Puppy Diet and Nutrition
Puppies experience the most rapid growth phase during the first months of their lives. As a result, puppies have demanding nutritional requirements which differ from adult dogs.
Their protein requirements are higher than for adult dogs. Protein is critical for growth of bones, joints and muscle. Puppies’ energy needs are about twice that of adult dogs the same size. Puppies require a nutrient-rich and dense, complete diet to meet this need.

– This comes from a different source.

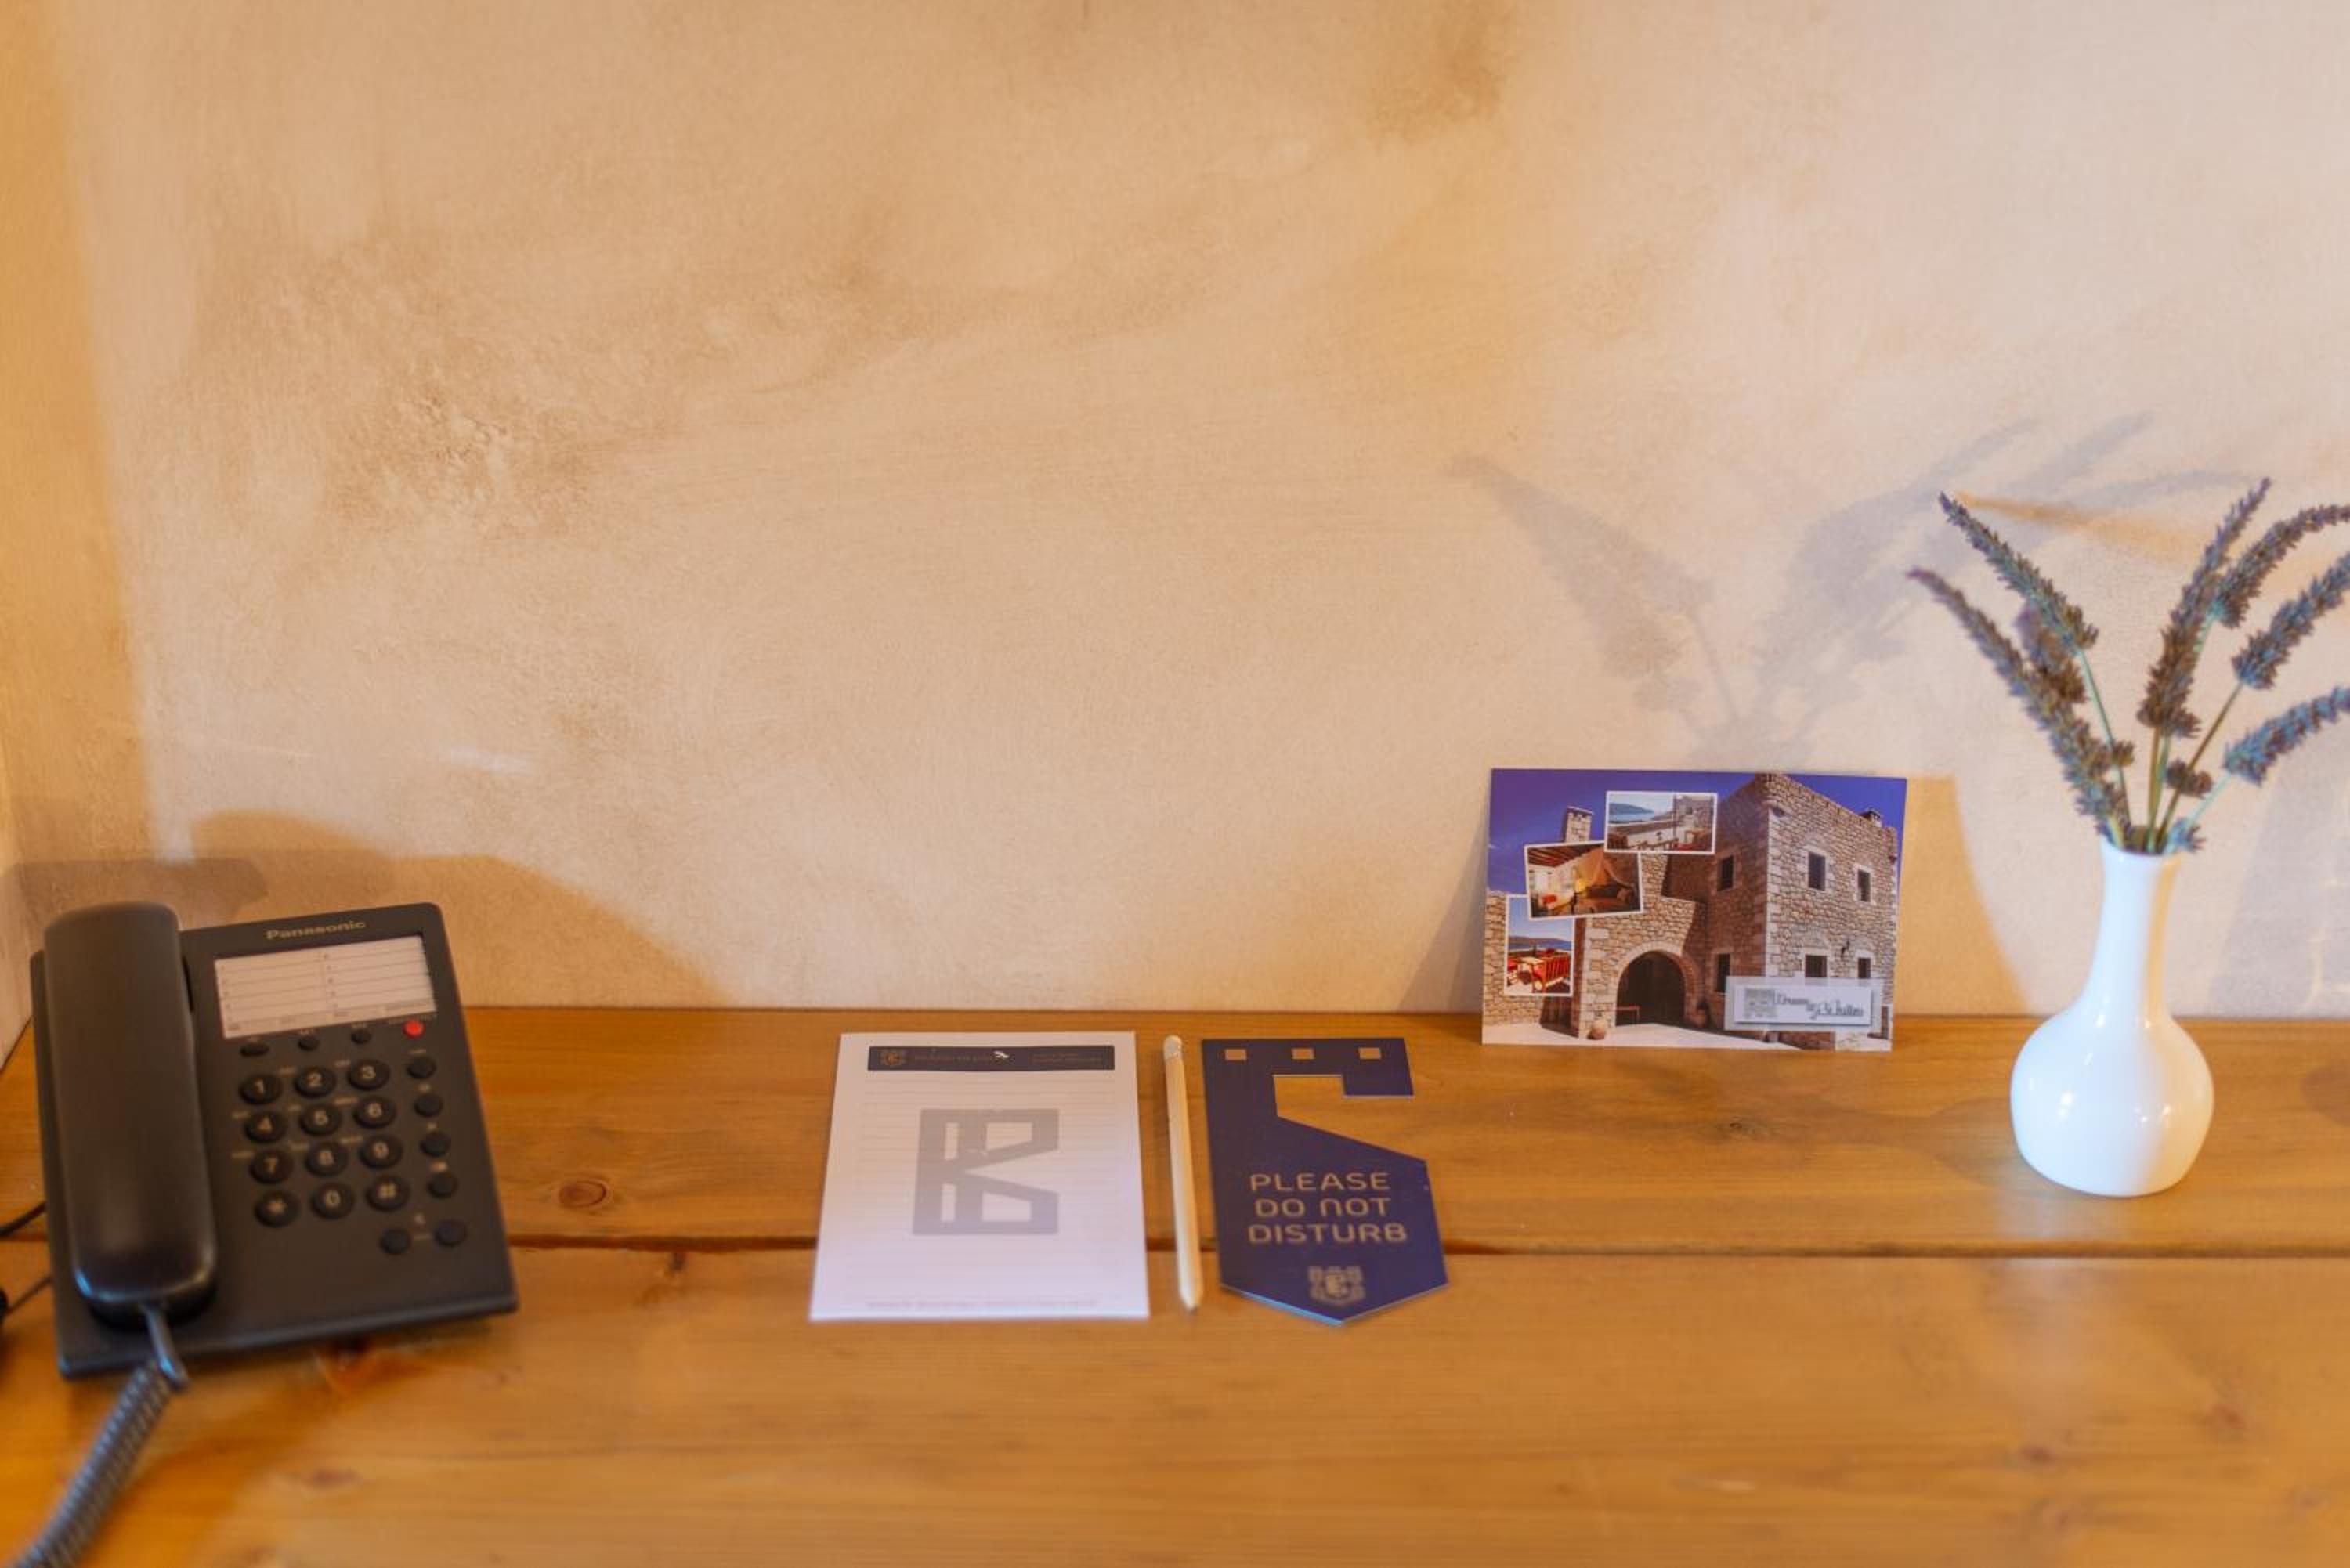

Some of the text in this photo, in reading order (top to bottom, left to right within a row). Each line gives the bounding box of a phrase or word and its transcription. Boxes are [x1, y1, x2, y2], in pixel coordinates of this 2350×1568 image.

The dietary demands of growing puppies vary with their growth rate. The goal is to achieve a well-balanced diet and maintain an average, not excessive growth. Smaller breed puppies have a higher metabolic rate per pound than those of medium and large breeds. As a result, there are specially designed puppy foods to meet the requirements of all sizes of puppies.
The precise amount of food your puppy needs should be discussed with your veterinarian because the amount will vary by breed. Most puppies require three feedings a day from weaning to 4 months.. Thereafter, the nutritional requirements can be met in twice daily feedings. It's best to feed puppies on a schedule with the same food and time of the day. Dogs, unlike people, do not benefit from change in routine or diet.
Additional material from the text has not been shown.